Hacettepe Üniversitesi Gıda Mühendisliği Bölümü Öğretim Üyesi Prof. Dr. Ayhan Temiz, vitamin ve mineraller yönünden zengin olan tarhananın şifa kaynağı olduğunu söyledi.Tarhananın maraş yöresinin ev yapımı meşhurdur.

Hacettepe Üniversitesi Gıda Mühendisliği Bölümü Öğretim Üyesi Prof. Dr. Ayhan Temiz, AA muhabirine yaptığı açıklamada,tarhananın içinde bulundurduğu çeşitli liflerden dolayı yüksek kolesterol, kalp krizi, kolon kanseri, obezite, yüksek tansiyon, hemoroid ve damar hastalıklarının azaltılmasında etkili olduğunu bildirdi.

Prof.
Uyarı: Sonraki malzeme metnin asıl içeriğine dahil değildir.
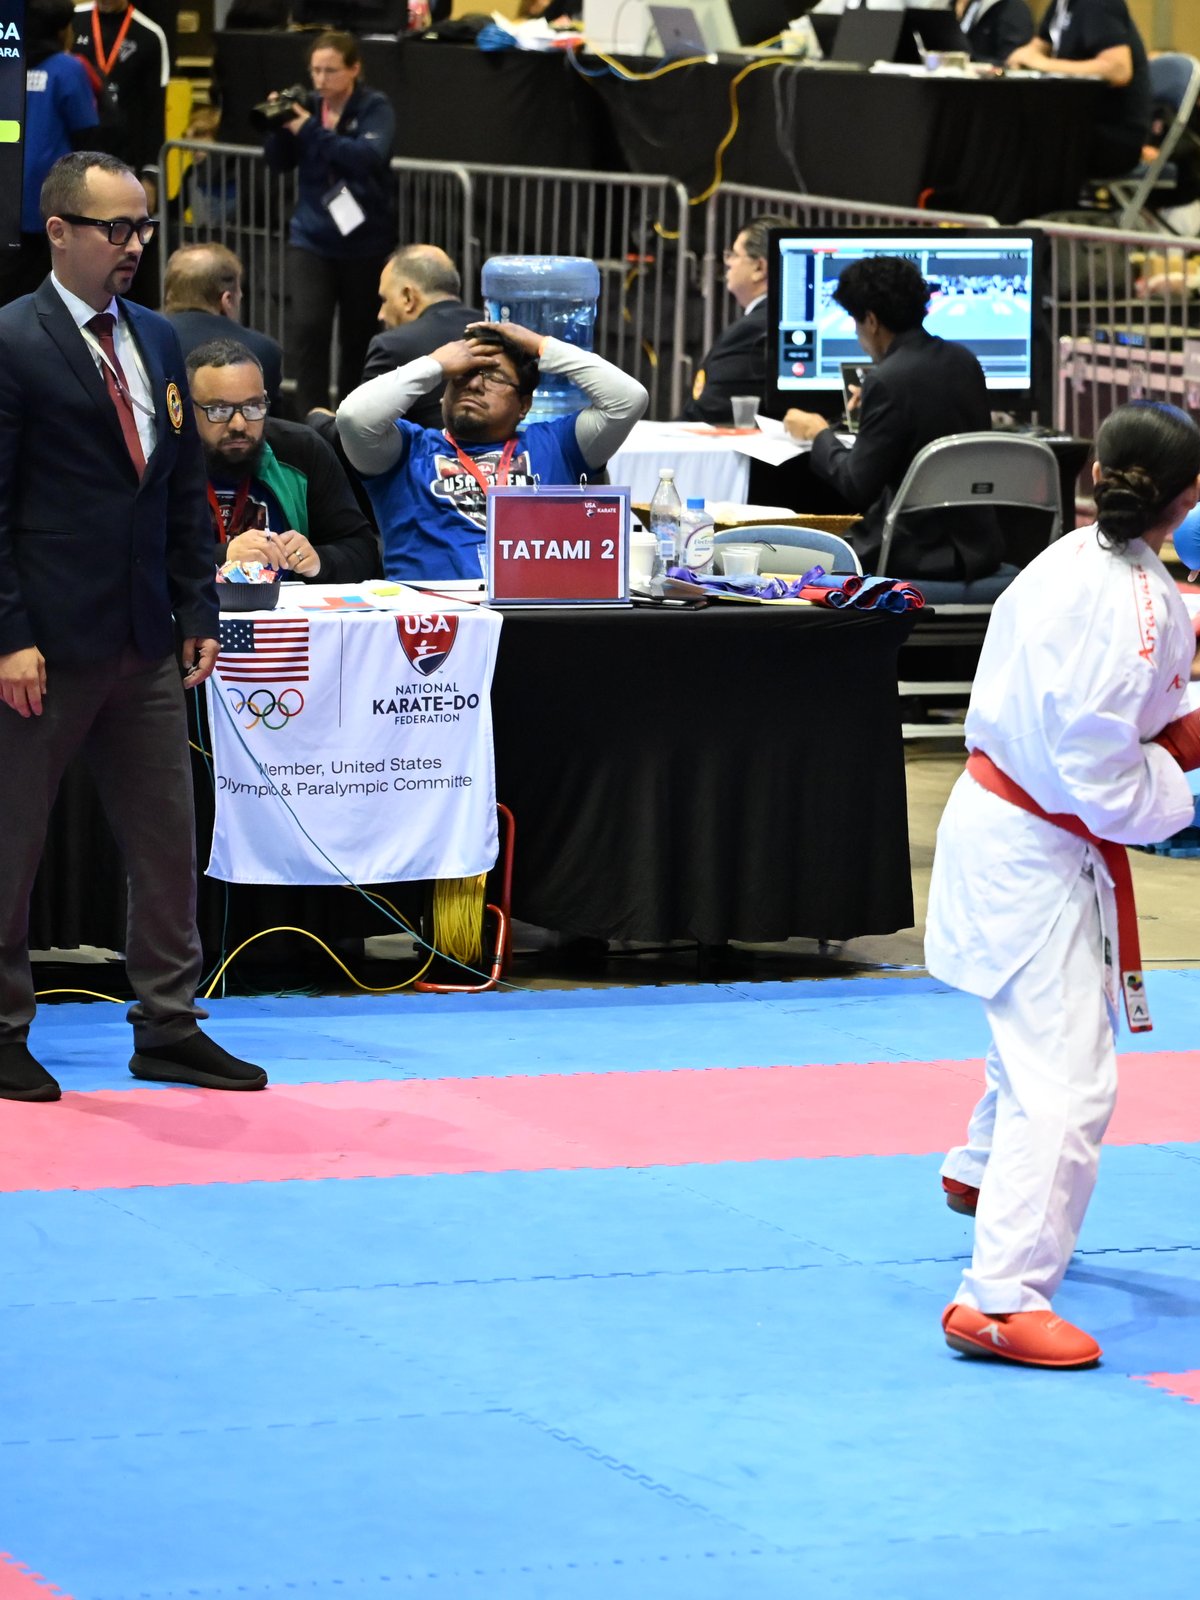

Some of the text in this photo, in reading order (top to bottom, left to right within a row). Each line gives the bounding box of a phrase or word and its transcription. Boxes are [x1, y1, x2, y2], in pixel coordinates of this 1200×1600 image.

[443, 474, 476, 493] USA
[498, 539, 615, 560] TATAMI 2
[403, 614, 451, 635] USA
[395, 682, 459, 696] NATIONAL
[372, 693, 480, 715] KARATE-DO
[394, 713, 460, 726] FEDERATION
[331, 757, 385, 775] United
[390, 757, 442, 772] States
[281, 782, 293, 797] &
[297, 779, 389, 798] Paralympic
Dr. Temiz, tarhanada bulunan proteinlerin vücut için gerekli olan bazı aminoasitleri bolca ve dengeli olarak içerdiğini belirterek, ”Tarhana, vücudumuzun mikroplara karşı dirençli olması açısından önemli olan vitaminler ve mineraller yönünden zengindir. Tarhanada özellikle B vitaminleri bol miktarda bulunur. Kepeği uzaklaştırılmamış undan yapılan tarhanalardaki B vitaminleri içeriği kepeksiz undan veya göceden (kabuğu soyulmuş ve kırılmış buğday) yapılan tarhanalara göre daha yüksektir. Kalsiyum, demir ve çinko ise tarhanada bol bulunan minerallerdir” dedi.
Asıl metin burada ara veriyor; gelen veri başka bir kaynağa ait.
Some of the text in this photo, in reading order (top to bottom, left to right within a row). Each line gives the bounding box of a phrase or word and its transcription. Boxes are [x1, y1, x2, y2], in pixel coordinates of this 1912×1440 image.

Gıdalarla alınan proteinlerin vücuda yararlı olabilmesi için ilk aşamada mide ve bağırsaklarda sindirilerek aminoasitlere kadar parçalanması gerektiğini kaydeden Temiz, ”Aminoasitler bağırsaklardan kolayca emilir ve vücuda yarar sağlar. Sindirilemeyen proteinler ise dışkıyla dışarı atılır ve vücut bu proteinlerden yararlanamaz. Tarhananın bileşimine yoğurt ve bitkilerden kaynaklanarak dahil olan laktik asit bakterileri tarhanadaki proteinleri belli ölçülerde aminoasitlere parçalayarak tarhanayı sindirimi kolay gıda şekline dönüştürür. Böylece aminoasitler tarhana ile vücuda hazır olarak girerler ve bağırsaklardan kolayca emilerek vücuda yarar sağlar. Buna bağlı olarak tarhananın besleme değeri artmış olur” diye konuştu.
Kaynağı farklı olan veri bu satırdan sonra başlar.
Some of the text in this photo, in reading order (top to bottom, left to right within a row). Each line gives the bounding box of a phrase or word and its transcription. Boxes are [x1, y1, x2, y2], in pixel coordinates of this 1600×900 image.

Proteinlerin sindiriminin özellikle bebekler ve yaşlılar için çok önemli olduğuna işaret eden Temiz, bebeklerde sindirim enzimlerinin yetersiz olduğunu, yaşlılarda ise sindirim enzimlerinin çalışmasının yavaşladığını, bu nedenle tarhananın bebekler ve yaşlılar için tüketimi özendirilecek, sindirimi kolay besleyici bir gıda olduğunu ifade etti.

Prof. Dr. Temiz, tarhananın buğday unu veya göce adı verilen kepeksiz buğday yarmasına yoğurt, maya, domates, biber ve soğan gibi çeşitli sebzelerle nane, dereotu ve çörtük gibi çeşitli aromalı otlar ve tuz eklenip yoğrularak elde edilen hamurun 1-5 gün süreyle fermantasyona bırakılması ve ardından kurutulmasıyla elde edilen sağlıklı, sindirimi kolay, beslenme değeri yüksek ve dayanıklı geleneksel bir fermente Türk gıdası olduğunu söyledi.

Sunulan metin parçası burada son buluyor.